▶ **Saved data entries**
"""
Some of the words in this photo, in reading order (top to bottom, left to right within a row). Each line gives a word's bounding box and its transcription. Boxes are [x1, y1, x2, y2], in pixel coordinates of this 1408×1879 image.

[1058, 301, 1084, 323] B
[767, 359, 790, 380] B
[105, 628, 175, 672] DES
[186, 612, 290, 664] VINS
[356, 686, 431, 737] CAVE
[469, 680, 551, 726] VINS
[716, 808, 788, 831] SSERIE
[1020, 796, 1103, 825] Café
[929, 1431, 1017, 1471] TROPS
"""
▶ **BRIEF**
Once the records end, copy them all again exactly.

▶ **OUTPUT BELOW**
Some of the words in this photo, in reading order (top to bottom, left to right within a row). Each line gives a word's bounding box and its transcription. Boxes are [x1, y1, x2, y2], in pixel coordinates of this 1408×1879 image.

[1058, 301, 1084, 323] B
[767, 359, 790, 380] B
[105, 628, 175, 672] DES
[186, 612, 290, 664] VINS
[356, 686, 431, 737] CAVE
[469, 680, 551, 726] VINS
[716, 808, 788, 831] SSERIE
[1020, 796, 1103, 825] Café
[929, 1431, 1017, 1471] TROPS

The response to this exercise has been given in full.